§ Your task: In the entries below, find the line containing "this 973×1297 image.". Write out that line and all lines after it, exactly, and nothing else.

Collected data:
-*-

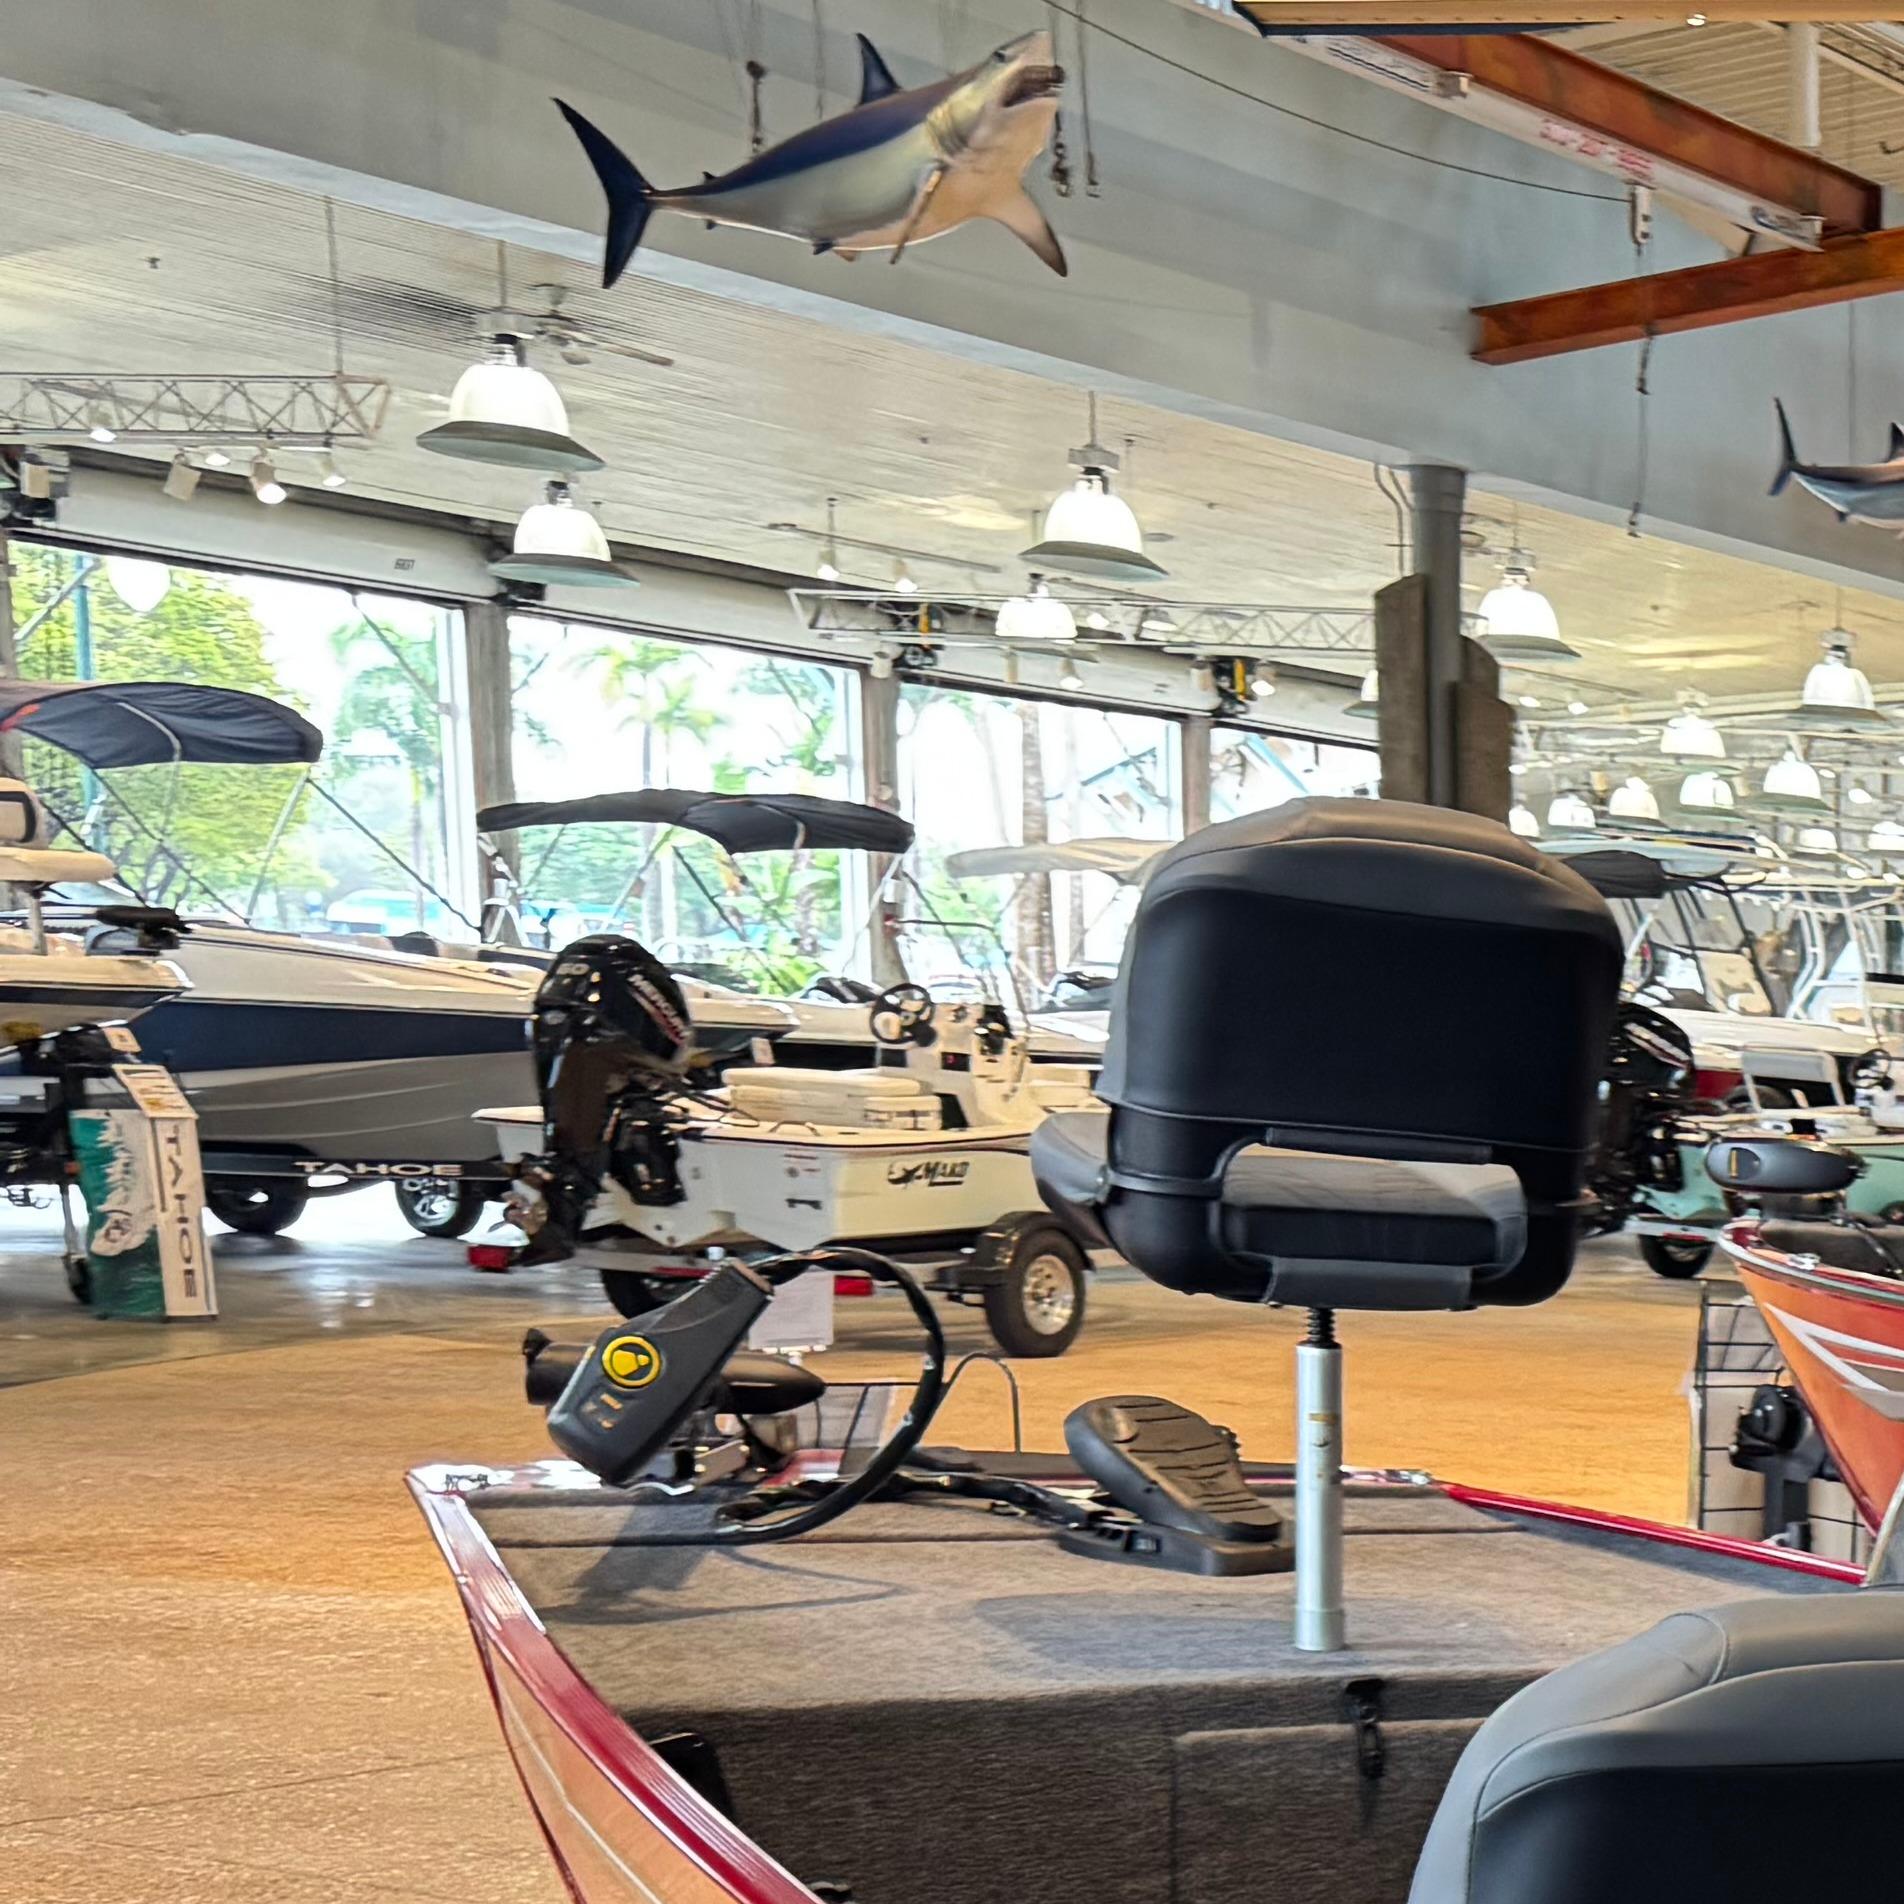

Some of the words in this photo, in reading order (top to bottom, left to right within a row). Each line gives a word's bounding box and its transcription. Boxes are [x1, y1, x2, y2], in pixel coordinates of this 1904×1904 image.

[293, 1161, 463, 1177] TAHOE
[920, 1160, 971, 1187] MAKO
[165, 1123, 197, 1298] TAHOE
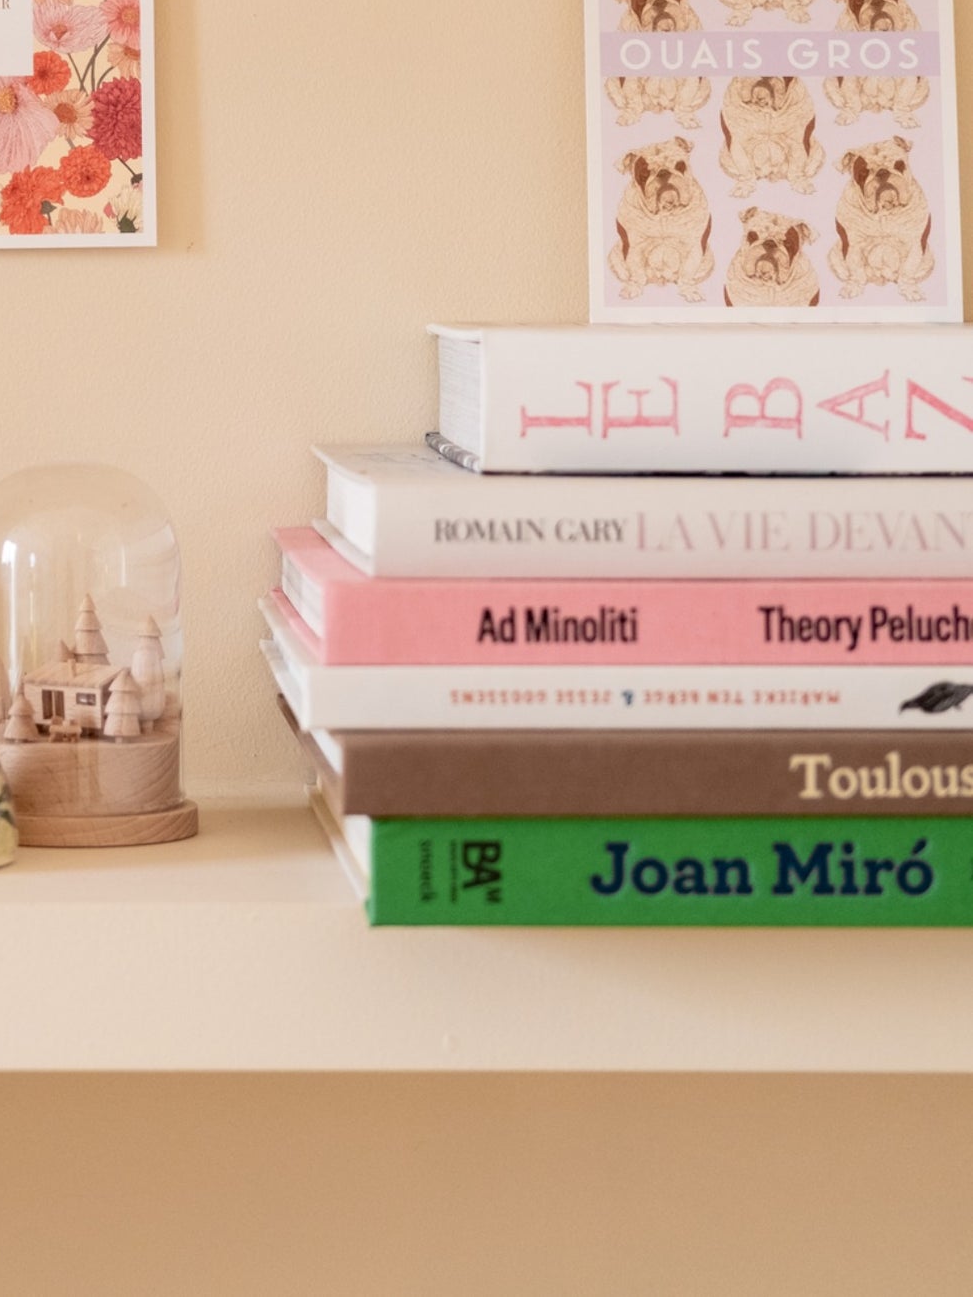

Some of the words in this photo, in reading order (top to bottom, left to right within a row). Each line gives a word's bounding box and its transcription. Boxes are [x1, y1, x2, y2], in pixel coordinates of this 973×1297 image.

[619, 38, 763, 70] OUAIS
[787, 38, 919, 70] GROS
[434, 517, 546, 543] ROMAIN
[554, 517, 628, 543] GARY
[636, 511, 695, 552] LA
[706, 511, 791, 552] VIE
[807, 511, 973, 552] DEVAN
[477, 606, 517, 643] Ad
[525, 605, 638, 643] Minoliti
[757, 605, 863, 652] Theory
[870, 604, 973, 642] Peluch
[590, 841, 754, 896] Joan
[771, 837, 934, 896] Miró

-*-

§ Result of the task:
Some of the words in this photo, in reading order (top to bottom, left to right within a row). Each line gives a word's bounding box and its transcription. Boxes are [x1, y1, x2, y2], in pixel coordinates of this 973×1297 image.

[619, 38, 763, 70] OUAIS
[787, 38, 919, 70] GROS
[434, 517, 546, 543] ROMAIN
[554, 517, 628, 543] GARY
[636, 511, 695, 552] LA
[706, 511, 791, 552] VIE
[807, 511, 973, 552] DEVAN
[477, 606, 517, 643] Ad
[525, 605, 638, 643] Minoliti
[757, 605, 863, 652] Theory
[870, 604, 973, 642] Peluch
[590, 841, 754, 896] Joan
[771, 837, 934, 896] Miró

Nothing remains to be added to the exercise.